## How to complete this task
Without the pictures, copy all the entries below exactly.

## Data extracts
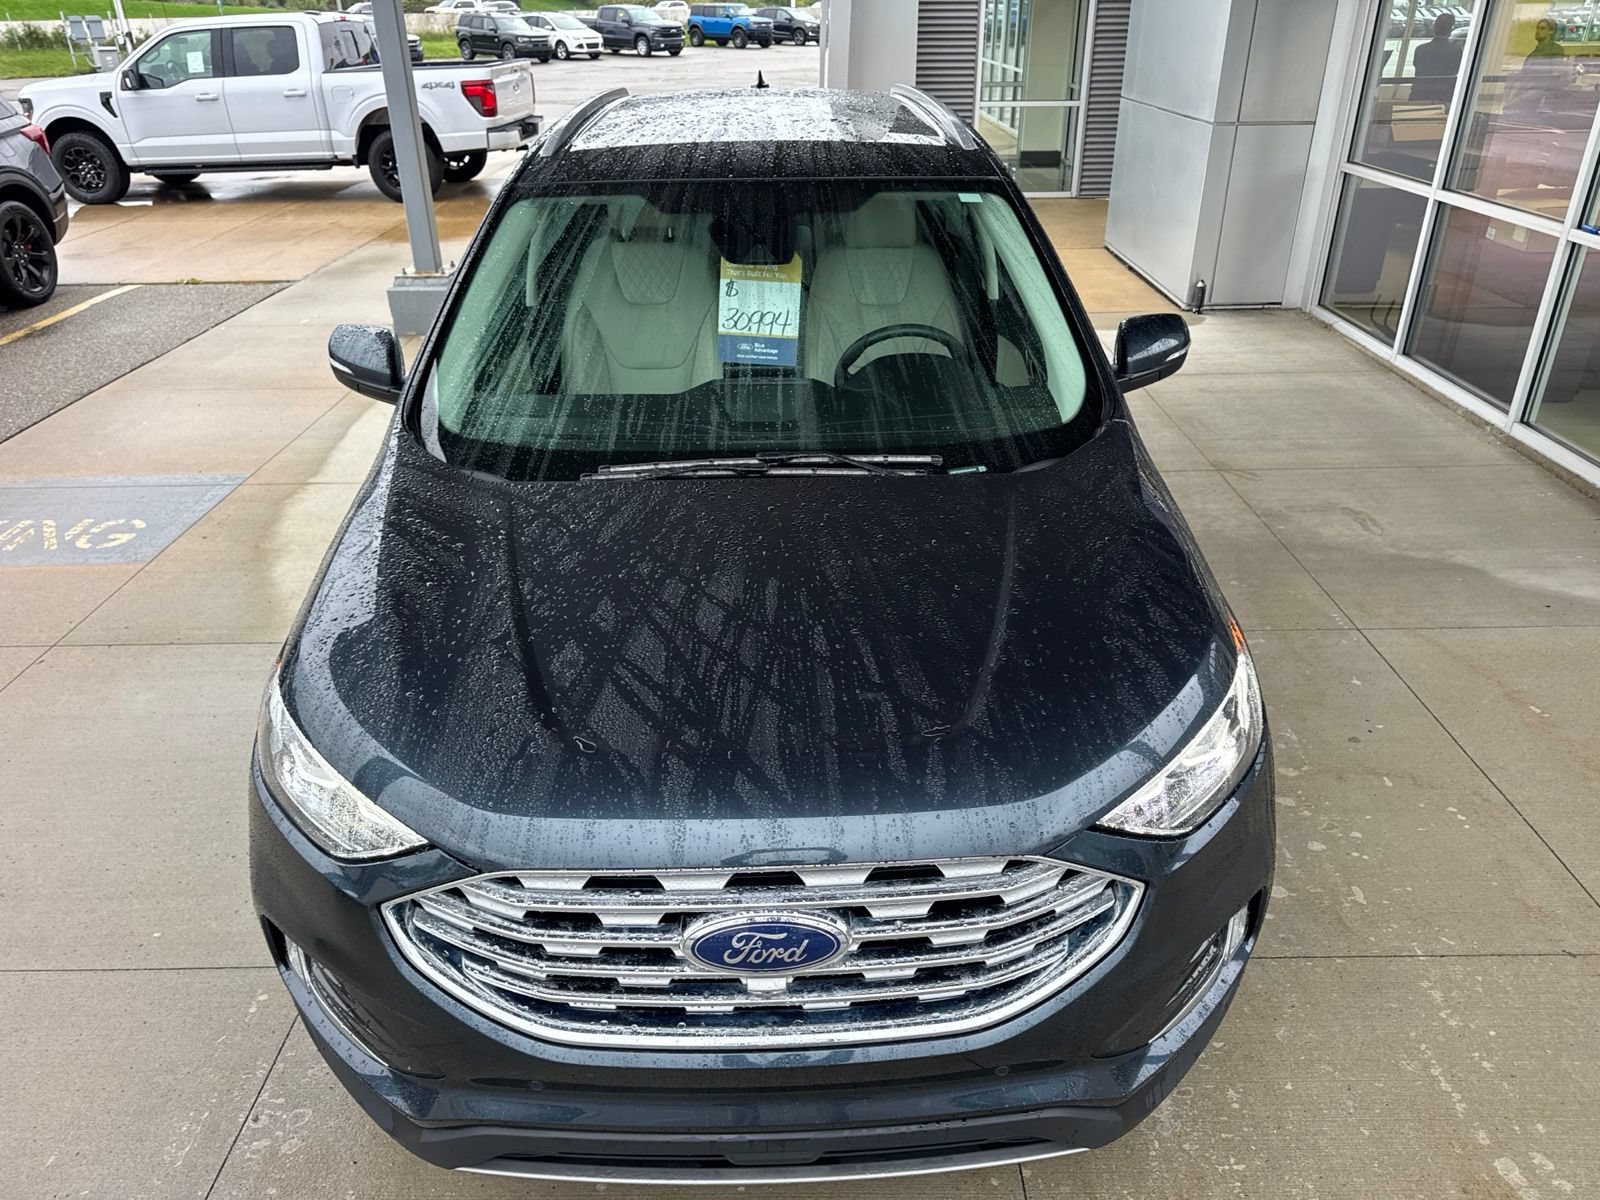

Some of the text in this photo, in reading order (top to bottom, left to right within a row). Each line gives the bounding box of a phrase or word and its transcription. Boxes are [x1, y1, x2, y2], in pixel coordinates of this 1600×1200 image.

[746, 270, 762, 278] Built
[762, 270, 773, 278] For
[754, 347, 778, 355] Advantage
[0, 519, 147, 550] ING
[723, 931, 810, 964] Ford

## Task output
Some of the text in this photo, in reading order (top to bottom, left to right within a row). Each line gives the bounding box of a phrase or word and its transcription. Boxes are [x1, y1, x2, y2], in pixel coordinates of this 1600×1200 image.

[746, 270, 762, 278] Built
[762, 270, 773, 278] For
[754, 347, 778, 355] Advantage
[0, 519, 147, 550] ING
[723, 931, 810, 964] Ford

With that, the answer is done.